* [Prompt] Print every record exactly as it appears. Leave the pictures out.

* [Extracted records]
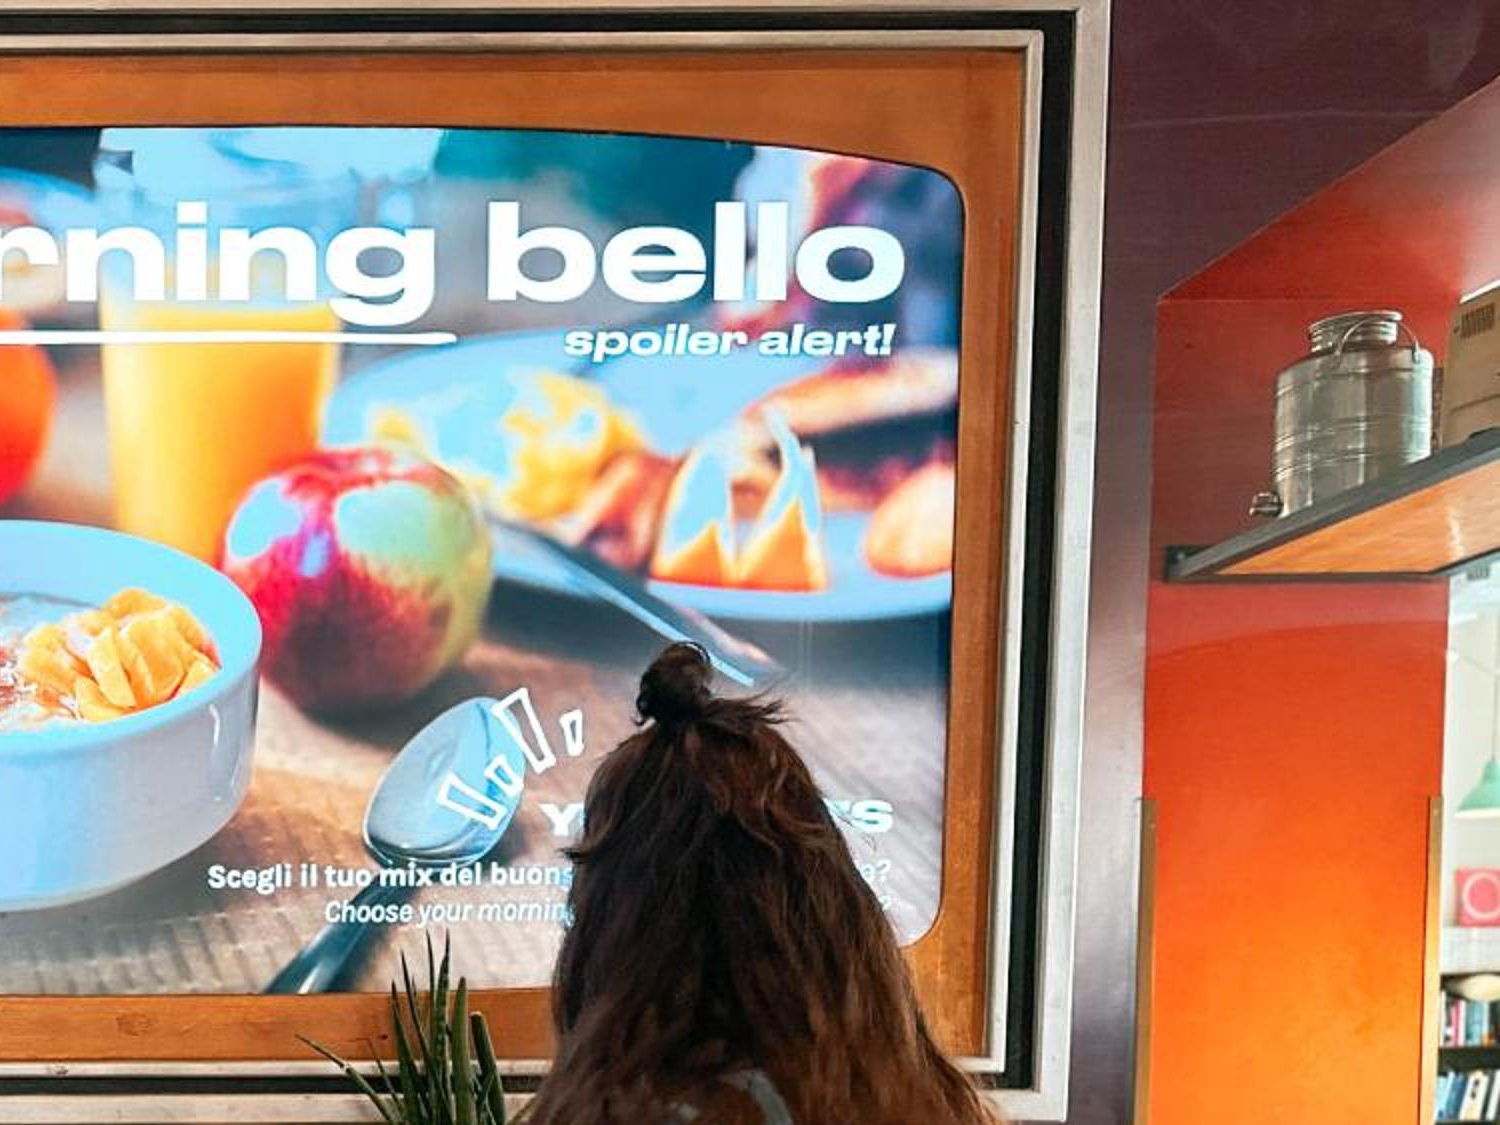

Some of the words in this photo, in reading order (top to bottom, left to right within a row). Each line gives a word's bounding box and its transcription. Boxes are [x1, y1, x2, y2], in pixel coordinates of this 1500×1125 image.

[488, 201, 905, 303] bello
[564, 324, 747, 363] spoiler
[758, 324, 896, 357] alert!
[207, 863, 292, 895] Scegli
[301, 864, 318, 887] il
[325, 868, 372, 888] tuo
[380, 862, 433, 888] mix
[440, 863, 482, 887] del
[324, 900, 412, 924] Choose
[418, 905, 471, 928] your

* [Expected answer]
Some of the words in this photo, in reading order (top to bottom, left to right within a row). Each line gives a word's bounding box and its transcription. Boxes are [x1, y1, x2, y2], in pixel coordinates of this 1500×1125 image.

[488, 201, 905, 303] bello
[564, 324, 747, 363] spoiler
[758, 324, 896, 357] alert!
[207, 863, 292, 895] Scegli
[301, 864, 318, 887] il
[325, 868, 372, 888] tuo
[380, 862, 433, 888] mix
[440, 863, 482, 887] del
[324, 900, 412, 924] Choose
[418, 905, 471, 928] your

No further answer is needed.